Su funcionalidad más práctica, una vez concluida su implementación de tres fases, radicará en permitir a los actores del comercio exterior la gestión simultánea en línea de autorizaciones y pagos necesarios con las entidades a cargo de los registros y de los permisos previos al despacho de mercancías.

En análisis previos compartimos la idea de cuánto podría ayudar a burlar el bloqueo, el hecho de importar y exportar a título personal, sin intervención de las empresas establecidas para ello. “Ojalá fuera de ese modo, pero solo el hecho de ser cubanos hace que nos bloqueen”, justificaba el Ministro de Comercio Exterior Rodrigo Malmierca en una Mesa Redonda en 2020.

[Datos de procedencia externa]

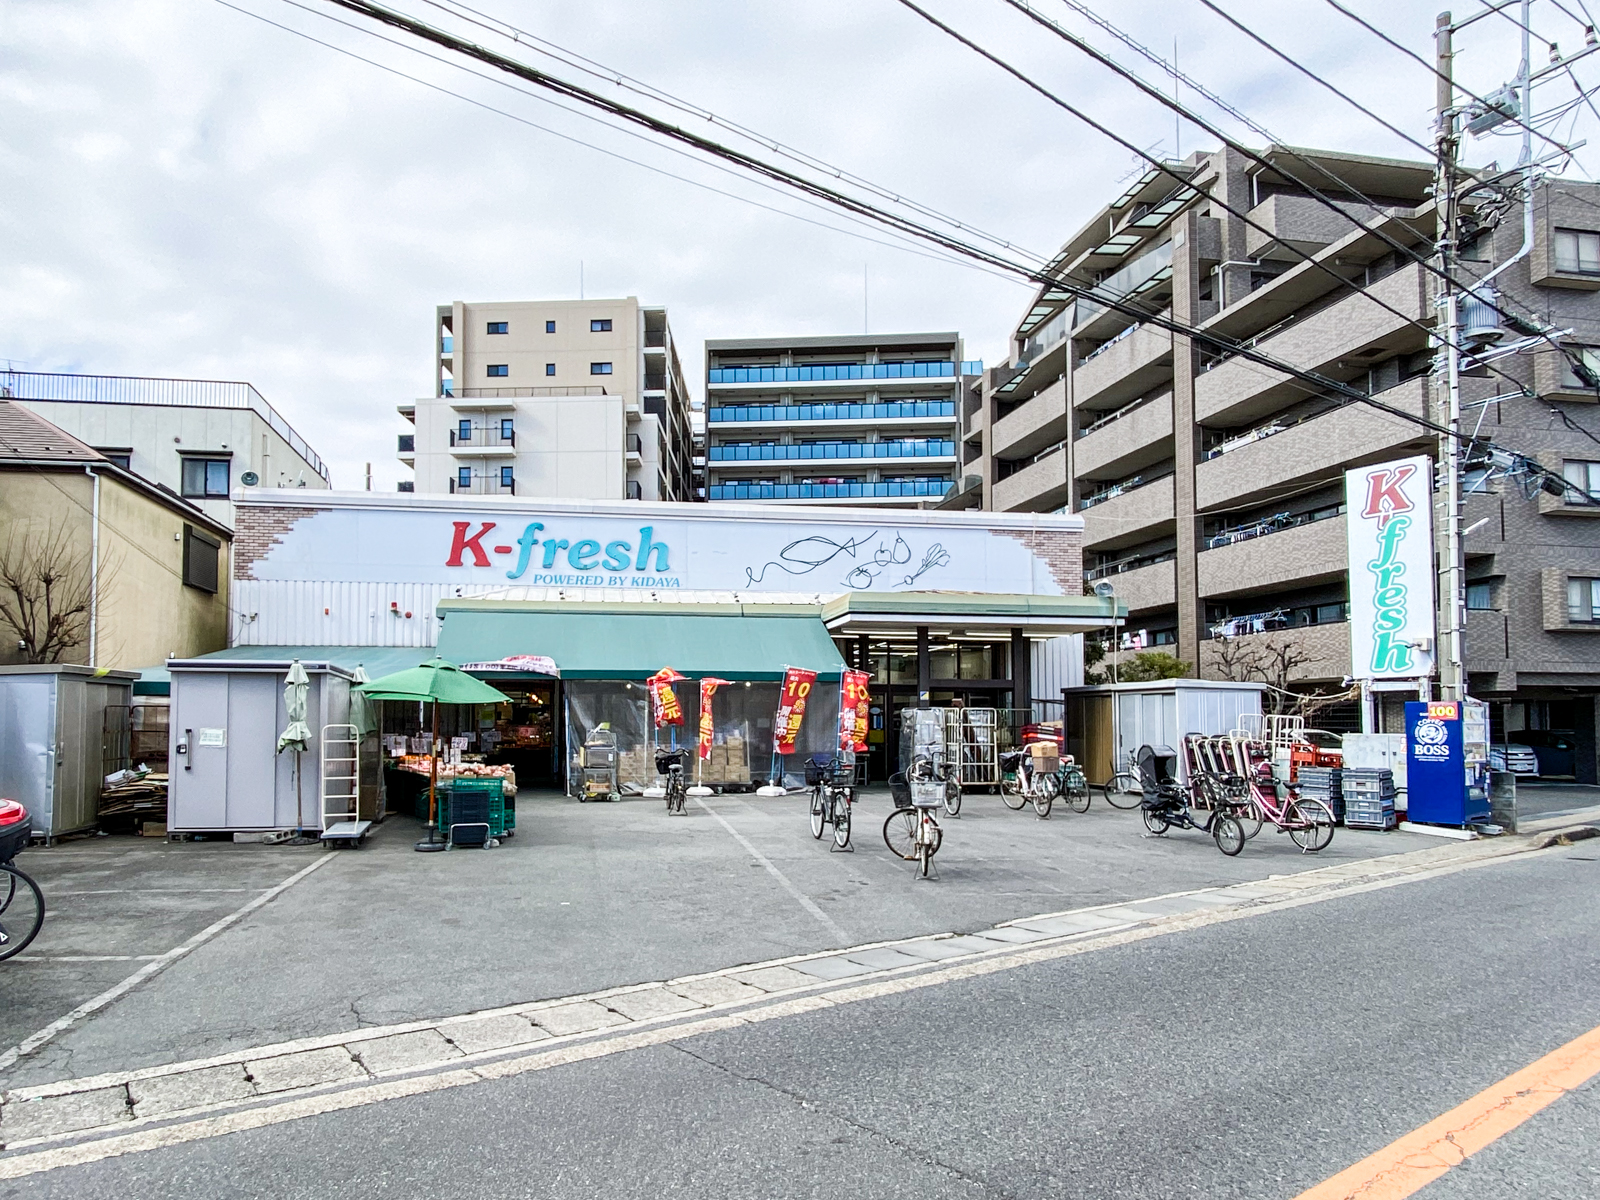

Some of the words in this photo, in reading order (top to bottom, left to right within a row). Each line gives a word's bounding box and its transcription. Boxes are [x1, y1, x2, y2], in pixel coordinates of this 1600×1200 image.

La excusa para mantener este curso de acción inflexible radica en la experiencia de las entidades mediadoras en este sentido y, a decir del titular del Mincex, “en ninguna parte del mundo las pequeñas empresas, o incluso las personas que no tienen aún una empresa, hacen este tipo de gestión. Siempre se apoyan en empresas especializadas”.

Lo irónico aquí no recae en el apoyo que las 41 compañías puedan brindar o en que el actor comerciante sea cubano, sino en que los decisores conocen que “permitir la contratación directa no modificaría la magnitud de este flujo (el del servicio de comercio), solo eliminaría las garantías de una renta extraordinaria a las empresas premiadas, cuya fuente no proviene necesariamente del valor que crean sino de un poder de mercado artificial, concedido administrativamente”, opina al respecto el economista Oscar Fernández.

Si la creencia general del gobierno se basa en el financiamiento de la industria nacional a partir de las utilidades generadas por estas importadoras y no en que emprendedores y formas de gestión no estatal pueden dinamizar con sus acciones individuales y conjuntas las deprimidas producciones locales de muchos sectores, pues no se conseguirá en el mediano plazo el desarrollo esperado; de ahí el constante reclamo del sector privado y varios entendidos de liberar las fuerzas productivas.

Exportar es un fenómeno complejo que depende de un marco regulatorio muy proactivo y que coloque en igualdad de condiciones a empresas estatales y FGNE para luego, con el ecosistema adecuado y un entramado de instituciones que interactúen virtuosamente, conseguir un sector empresarial dinámico y de altas contribuciones.